» **TASK ITEM**
Make a verbatim copy of all the records. Skip every image.

Start of Block

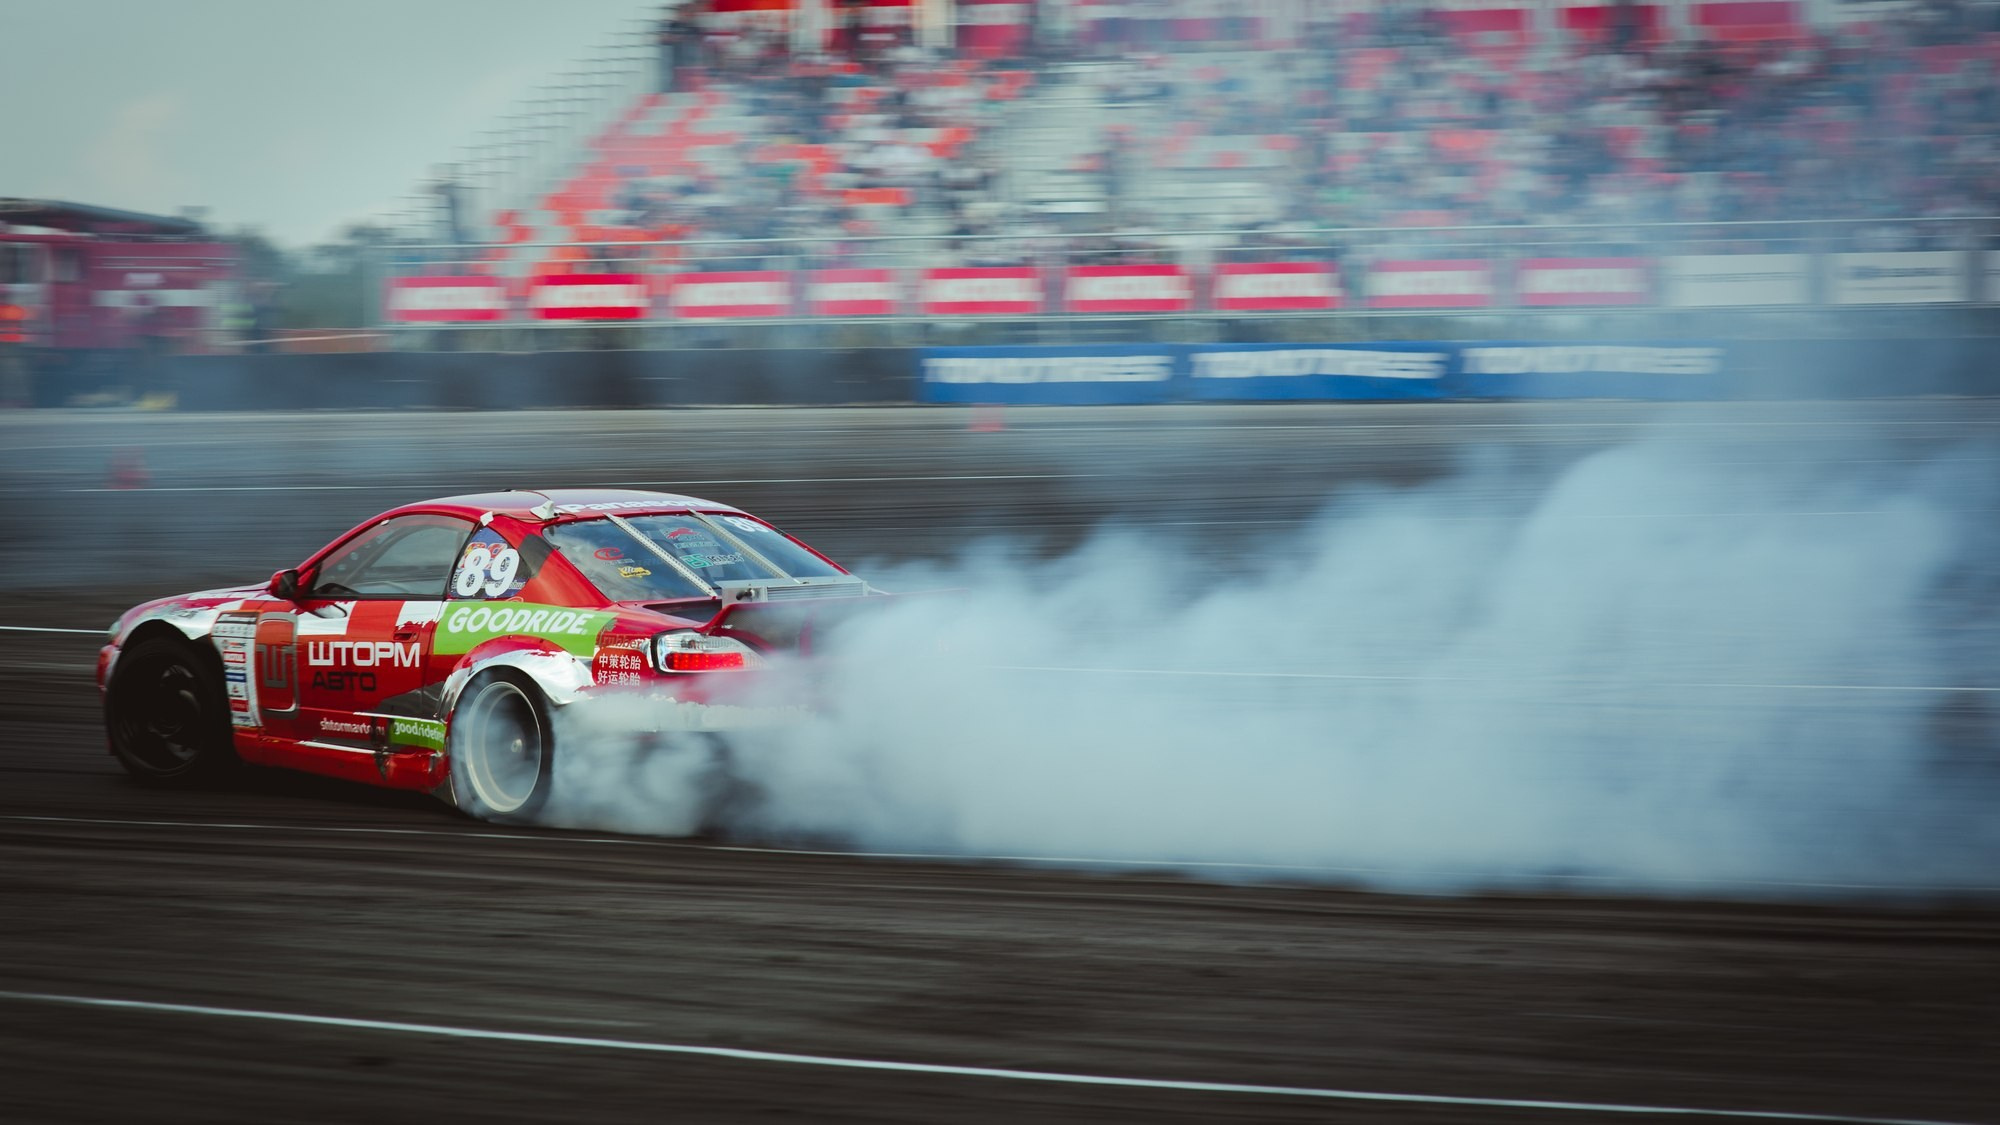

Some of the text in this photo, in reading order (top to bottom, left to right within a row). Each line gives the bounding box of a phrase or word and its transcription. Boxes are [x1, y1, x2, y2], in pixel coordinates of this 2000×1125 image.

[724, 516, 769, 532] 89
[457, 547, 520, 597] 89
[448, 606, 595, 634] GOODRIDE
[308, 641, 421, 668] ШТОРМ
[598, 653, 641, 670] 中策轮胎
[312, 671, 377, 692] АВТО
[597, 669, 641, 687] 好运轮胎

End of Block

» **REPLY**
Some of the text in this photo, in reading order (top to bottom, left to right within a row). Each line gives the bounding box of a phrase or word and its transcription. Boxes are [x1, y1, x2, y2], in pixel coordinates of this 2000×1125 image.

[724, 516, 769, 532] 89
[457, 547, 520, 597] 89
[448, 606, 595, 634] GOODRIDE
[308, 641, 421, 668] ШТОРМ
[598, 653, 641, 670] 中策轮胎
[312, 671, 377, 692] АВТО
[597, 669, 641, 687] 好运轮胎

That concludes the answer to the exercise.